As tensões, contudo, foram sempre presentes —fascistas croatas empoderados pelo Reich durante a ocupação iniciada em 1941 mataram talvez 600 mil sérvios, e Belgrado dominou o Estado comunista subsequente na região.

Quando a carnificina na Bósnia começou em 1992, e a proximidade da fronteira deu o pretexto para o pai do jogador, Mato, mudar para a Alemanha. Estabelecidos como refugiados em Diztingen, perto de Stuttagart, os Mandzukic estimularam Mario a entrar no juniores do time local, onde seu pai, Mato, jogava.

Parecia a vida perfeita, mas em 1996 o governo alemão negou a nova extensão de permanência no país.

Mandzukic voltou à Croácia, já livre da guerra, e acabou no Dínamo Zagreb antes de ganhar a Europa.

Em 2012, quando jogava no Bayern de Munique, protagonizou polêmica ao fazer uma saudação nazista em campo —explicou depois que celebrava a absolvição de dois generais croatas acusados de crimes de guerra no Tribunal de Haia.

Outro que fugiu da guerra bósnia foi o hoje zagueiro Dejan Lovren, hoje no Liverpool, cuja família emigrou para a Alemanha em 1991, quando ele tinha dois anos.
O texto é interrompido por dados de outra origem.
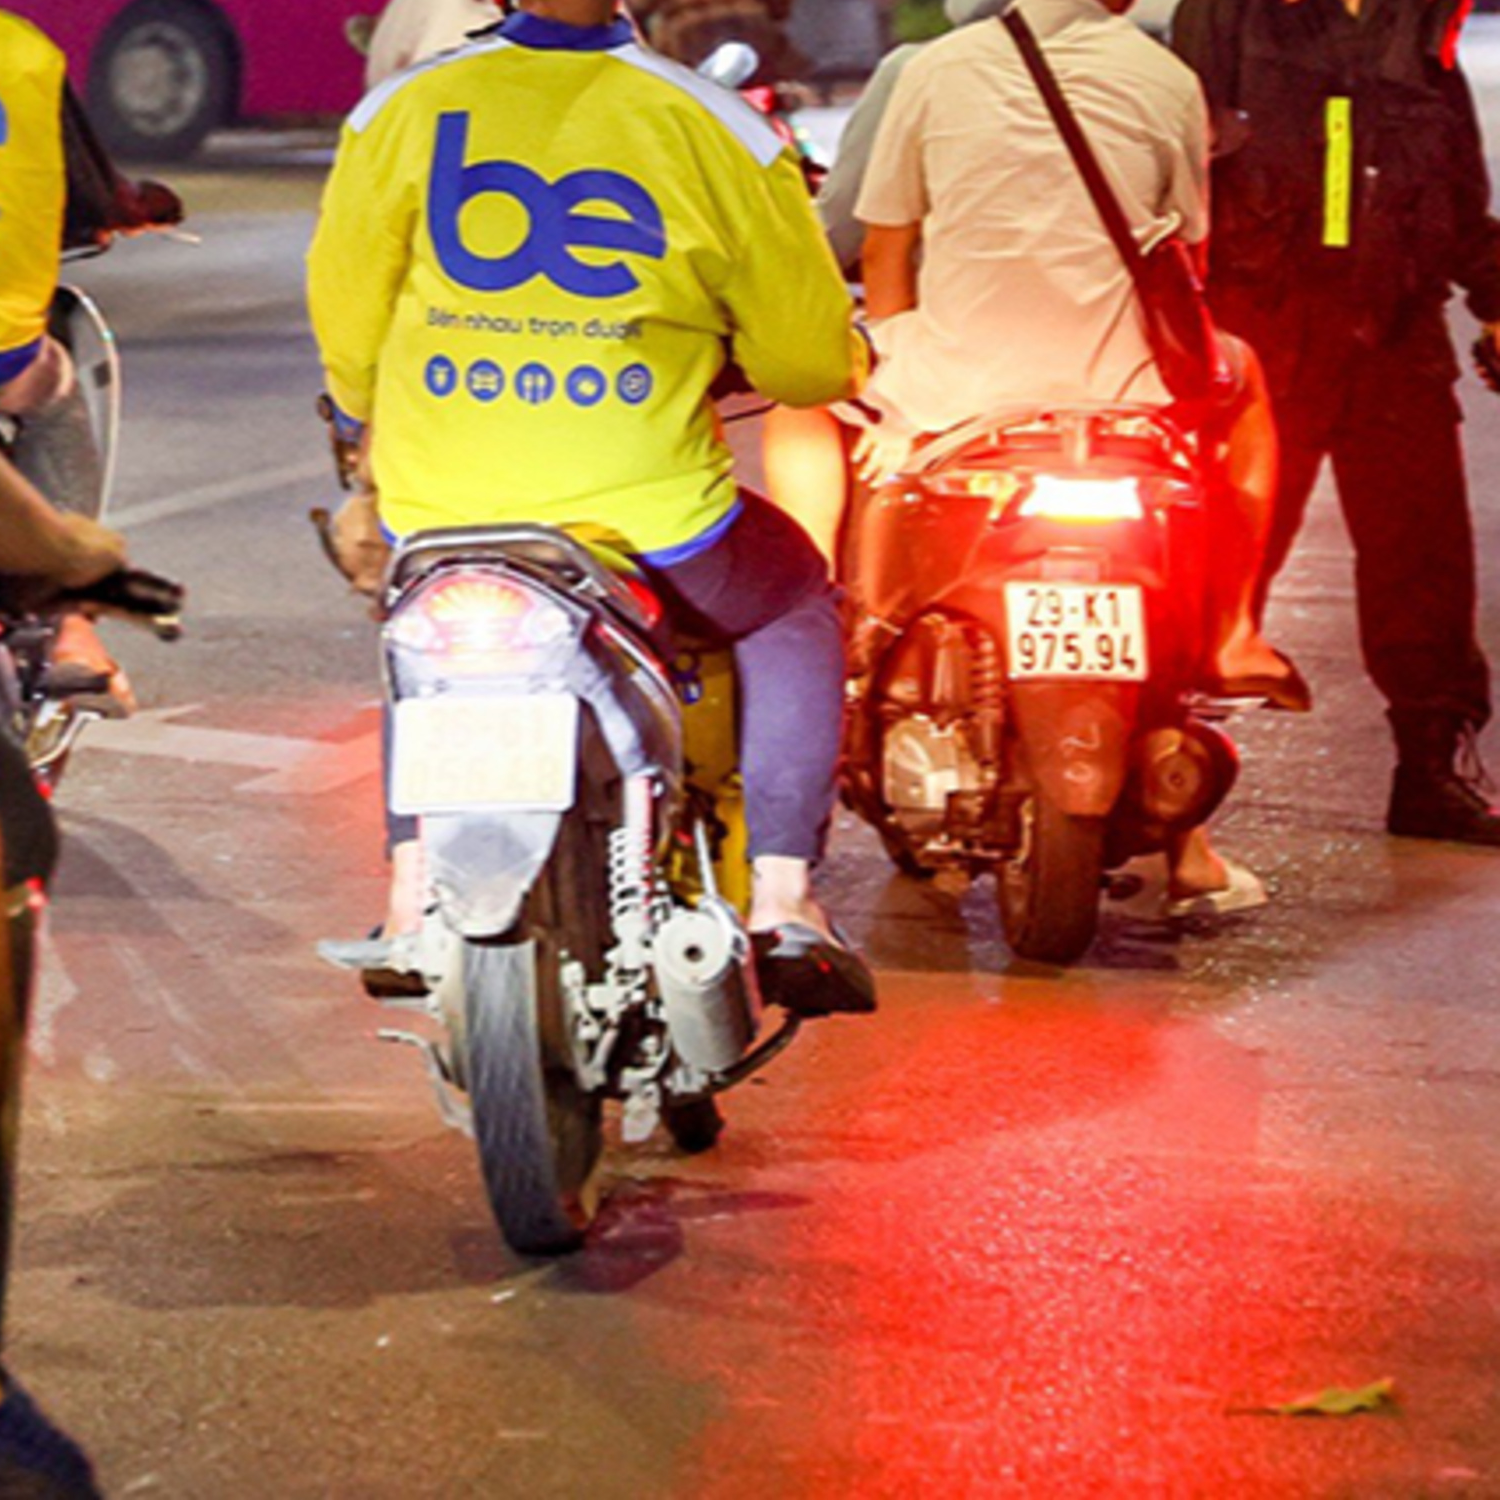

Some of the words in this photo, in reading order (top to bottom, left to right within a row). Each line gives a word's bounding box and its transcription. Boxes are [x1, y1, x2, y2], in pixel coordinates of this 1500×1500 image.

[427, 111, 667, 298] be
[1026, 589, 1121, 628] 29-K1
[1018, 632, 1137, 672] 975.94
Também com problemas para manter o status de refugiados, os Lovren voltaram para a Croácia em 1998. Croatas étnicos, eles eram originalmente da cidade bósnia de Zenica.

Vedran Corluka, meia da seleção, é um caso semelhante. Croata, atleta hoje do Lokomotiv Moscou, ele nasceu e morou até os seis anos em Modran, na Bósnia.

 

 

Com o acirramento da guerra, em 1992, mudou para Zagreb, onde acabou por iniciar sua carreira no futebol.

De tempos em tempos, os jogadores croatas falam sobre sua experiência. Lovren, por exemplo, defendeu o acolhimento de refugiados da guerra civil síria: “Eles merecem a chance que meus pais tiveram”, disse em 2016.

Tanto ele quanto Modric passaram por maus bocados de outra natureza, acusados de encobrir um esquema de fraude em transferência de um ex-cartola do país. Modric já responde a processo e virou vilão na Croácia, podendo pegar até cinco anos de cadeia, e Lovren é investigado.

Para o treinador Dalic, o nacionalismo é a cola que une o time. “É o nosso combustível”, afirmou, rejeitando discutir “questões políticas”.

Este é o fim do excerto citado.